Fiquei horas observando atentamente cada uma das seis pinturas. Claramente duas delas estavam perfeitamente restauradas. Naquele momento me peguei pensando em Eduard: o que aconteceu, realmente, com ele? O que ele descobriu que custou sua vida? Pior ainda, comecei a pensar em minha vida e na vida de Belinda. Se essas pessoas estavam envolvidas em assassinatos, estávamos seguras ali?
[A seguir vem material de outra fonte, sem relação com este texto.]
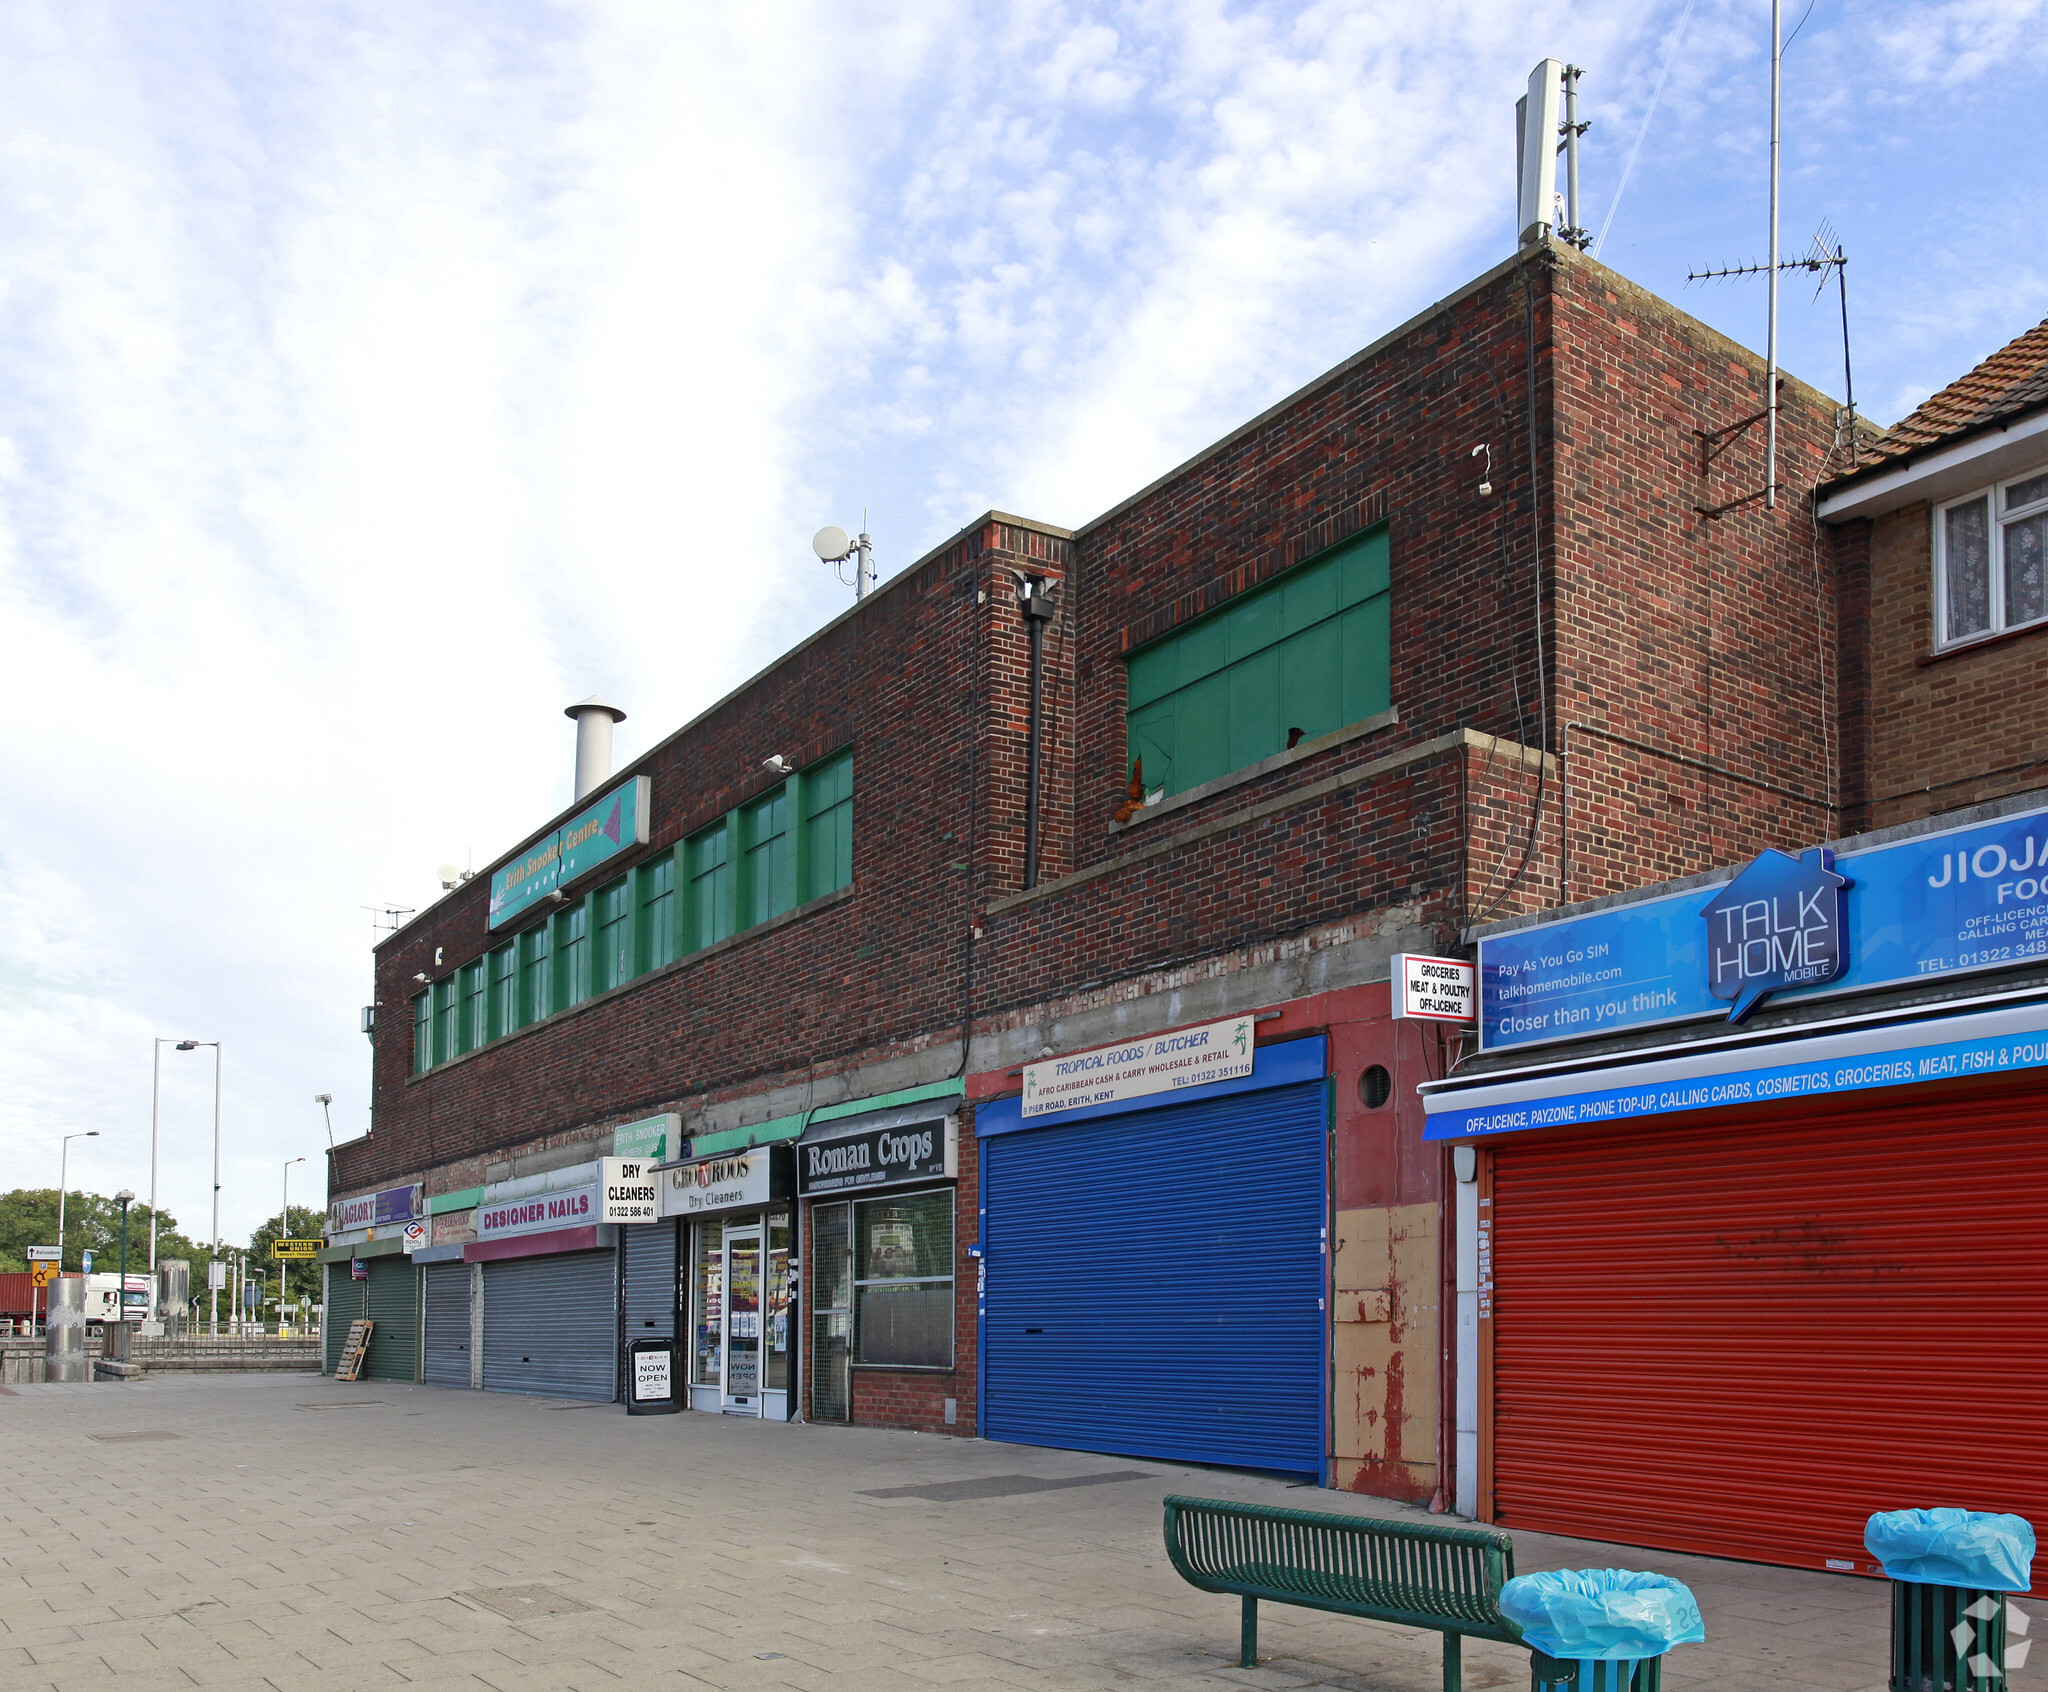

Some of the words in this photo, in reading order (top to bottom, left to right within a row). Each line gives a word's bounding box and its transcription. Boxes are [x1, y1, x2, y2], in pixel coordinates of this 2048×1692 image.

Forcei-me a avaliar os quadros, determinei que cinco a sete semanas bastariam para que eu terminasse todo o trabalho. Queria ter fornecido um tempo menor, no entanto, seria impossível concluir tudo com perfeição em um curto espaço de tempo. Restaurar é mais difícil do que começar do zero. Envolve manter ilesa uma obra já existente, cultivando suas cores e relevos o mais próximo possível de todo restante, sem intromissão na arte já existente. Não cabe ao restaurador modificar e sim conservar. Trata-se de microcirurgias que exigem atenção e delicadeza.
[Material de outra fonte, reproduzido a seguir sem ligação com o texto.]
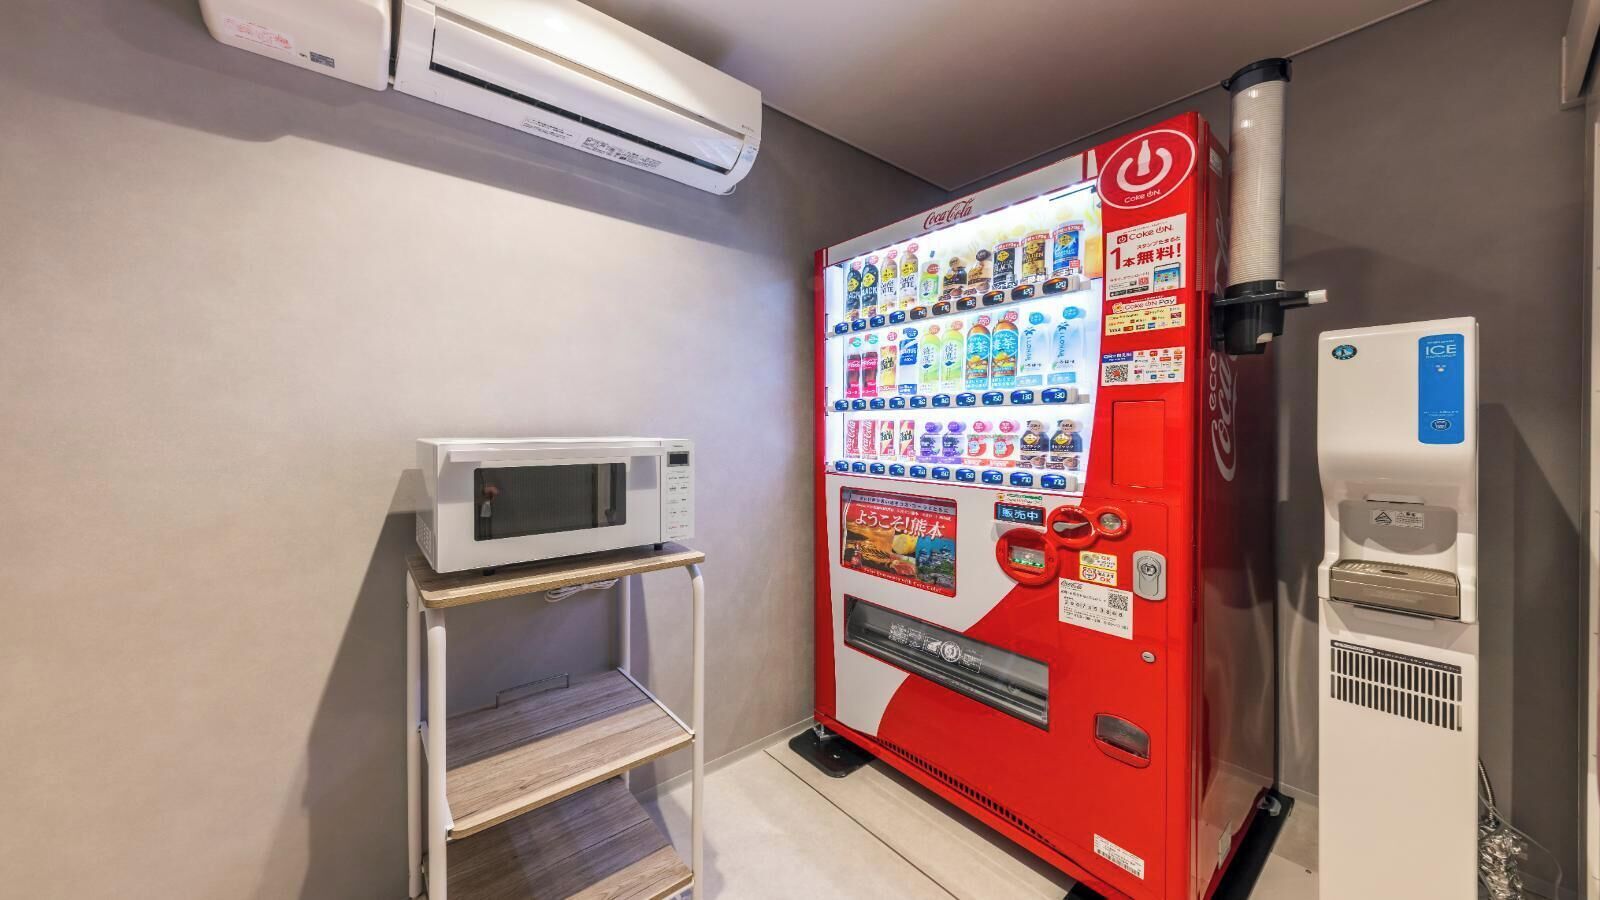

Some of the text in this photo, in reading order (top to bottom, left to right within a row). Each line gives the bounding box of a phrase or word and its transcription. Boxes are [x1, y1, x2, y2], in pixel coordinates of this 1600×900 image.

[1124, 193, 1145, 204] Coke
[923, 198, 975, 230] Coca-Cola
[1129, 230, 1154, 240] Coke
[1426, 345, 1456, 356] ICE
[1209, 352, 1217, 411] eco
[1002, 508, 1039, 520] 販売中
Depois de informar ao Luigi, quase com precisão, quanto tempo seria uma forasteira naquelas terras, retornei para a casa de hóspede. O dia ainda estava claro e ensolarado. Belinda encontrava-se sentada no chão da varanda e Leila fazia longas tranças nos seus cabelos avermelhados. Sorri intensamente ao avistá-la conversando com Leila convicta das suas ideias.
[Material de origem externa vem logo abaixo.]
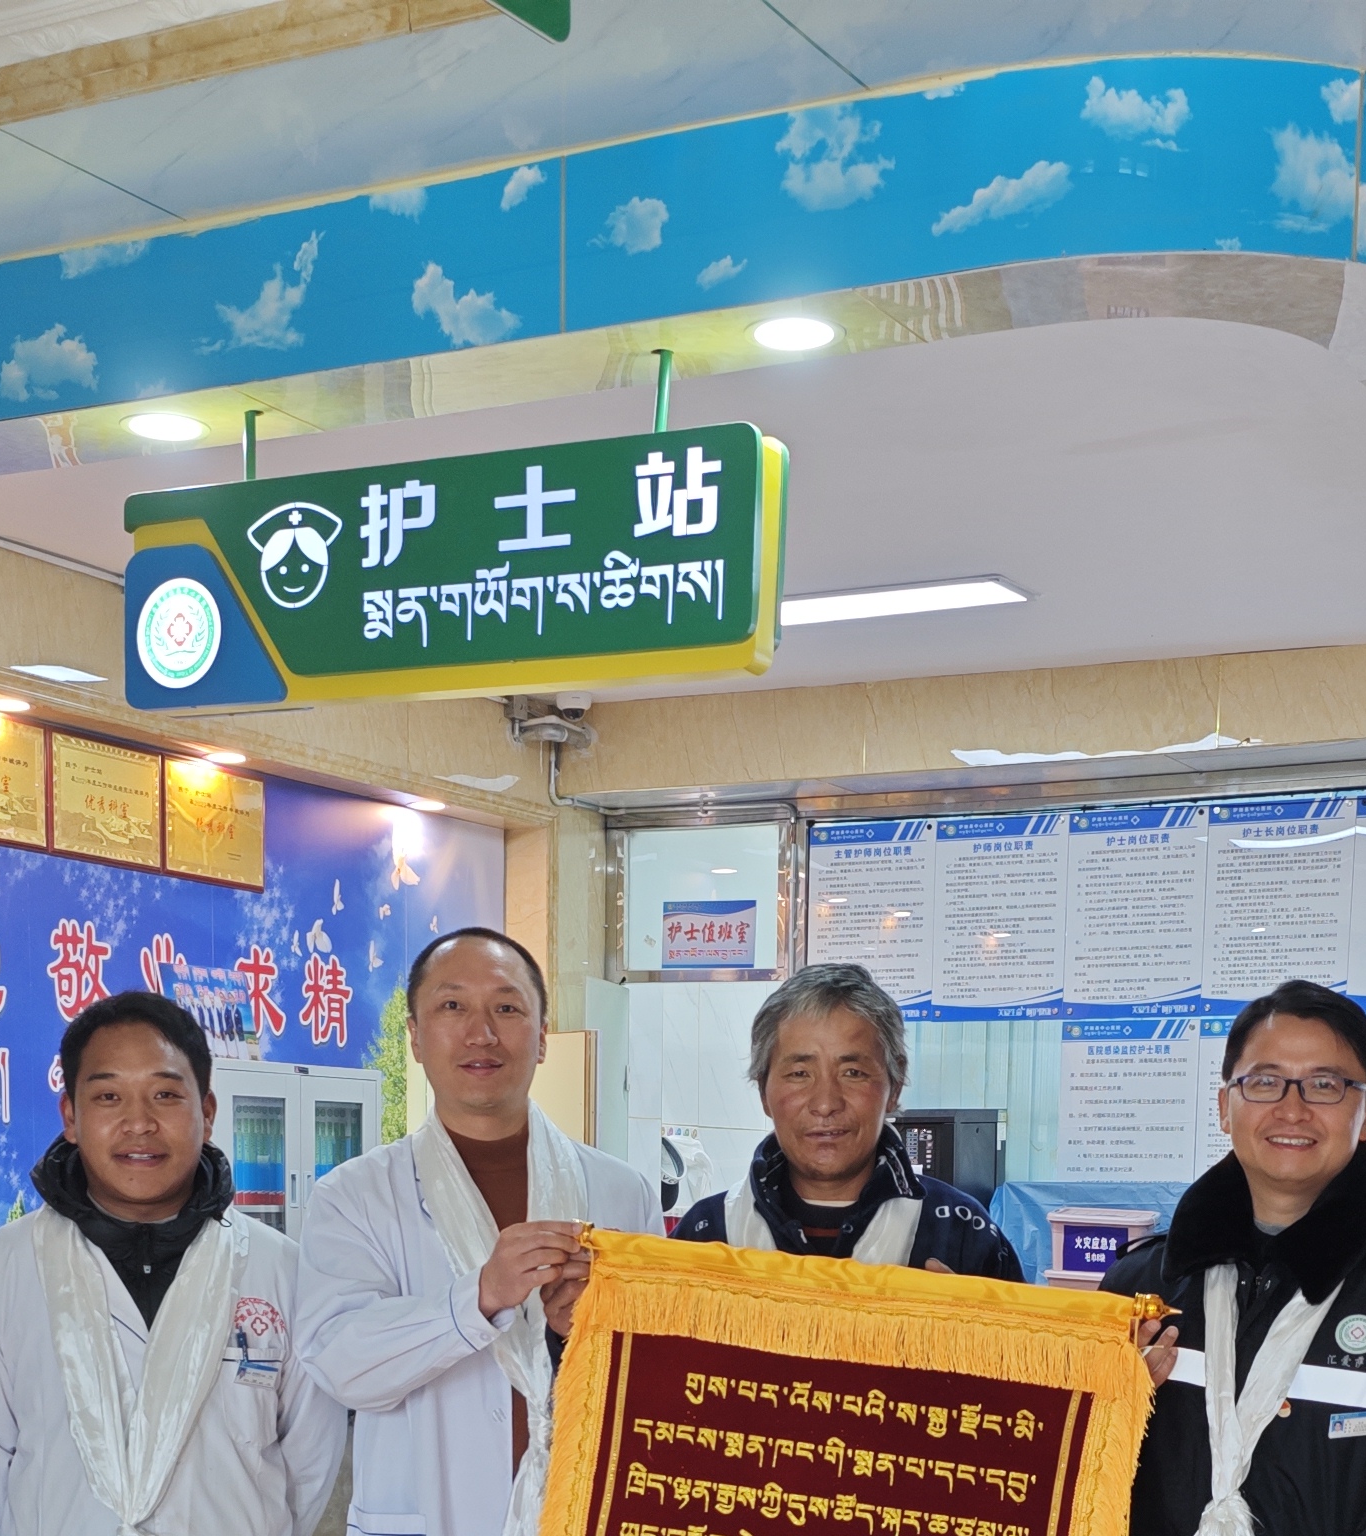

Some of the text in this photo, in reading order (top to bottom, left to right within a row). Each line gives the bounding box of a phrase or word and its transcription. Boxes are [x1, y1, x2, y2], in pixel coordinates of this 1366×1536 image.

[360, 446, 722, 569] 护士站
[85, 794, 129, 819] 优秀科室
[1106, 834, 1170, 847] 护士岗位职责
[1242, 824, 1320, 838] 护士长岗位职责
[834, 846, 912, 859] 主管护师岗位职责
[972, 841, 1034, 853] 护师岗位职责
[667, 920, 750, 944] 护士值班室
[235, 944, 353, 1048] 求精
- Embora a maior parte da população seja constituída por pessoas com cabelos escuros, acredito que não me importaria de fazer parte da maioria - Belinda falou.

- Mas a cor de seu cabelo é linda - Leila contestou.

- Minha mãe conta que o meu pai tinha os cabelos castanhos, mas os pelos da barba eram vermelhos como o meu cabelo - Belinda explicou contente.

- O meu próprio pedaço do pôr do sol - sussurrei ao lembrar da frase dita, tantas vezes, quando comecei a namorar o John.

- Mamãe - ela gritou, animada. - Leila está me ensinando a fazer tranças embutidas.

- Está ficando linda. - Sorri com entusiasmo. - Leila se importa em ficar um pouco mais. Não consegui dormir direito à noite, queria ver se consigo descansar um pouco.

- Viu Leila, quando não lhe dou um beijo antes de dormir, ela fica com insônia - Belinda falou sentida.

- Por isso preciso de um demorado beijo seu agora. - Abaixei-me e encostei a testa na dela.

Minutos depois, estava recostando a cabeça no travesseiro, desejando imensamente que as minhas dúvidas não consumissem o pouco da sanidade que ainda me restava.

Almejei que as estranhezas daqueles últimos dias desaparecessem automaticamente, contudo, pensei e repensei em todos os "i" sem pontos. Tantas coisas necessitavam de explicações concretas. Perdida, senti que nem mesmo o chão que pisava era seguro o suficiente para o meu caminhar.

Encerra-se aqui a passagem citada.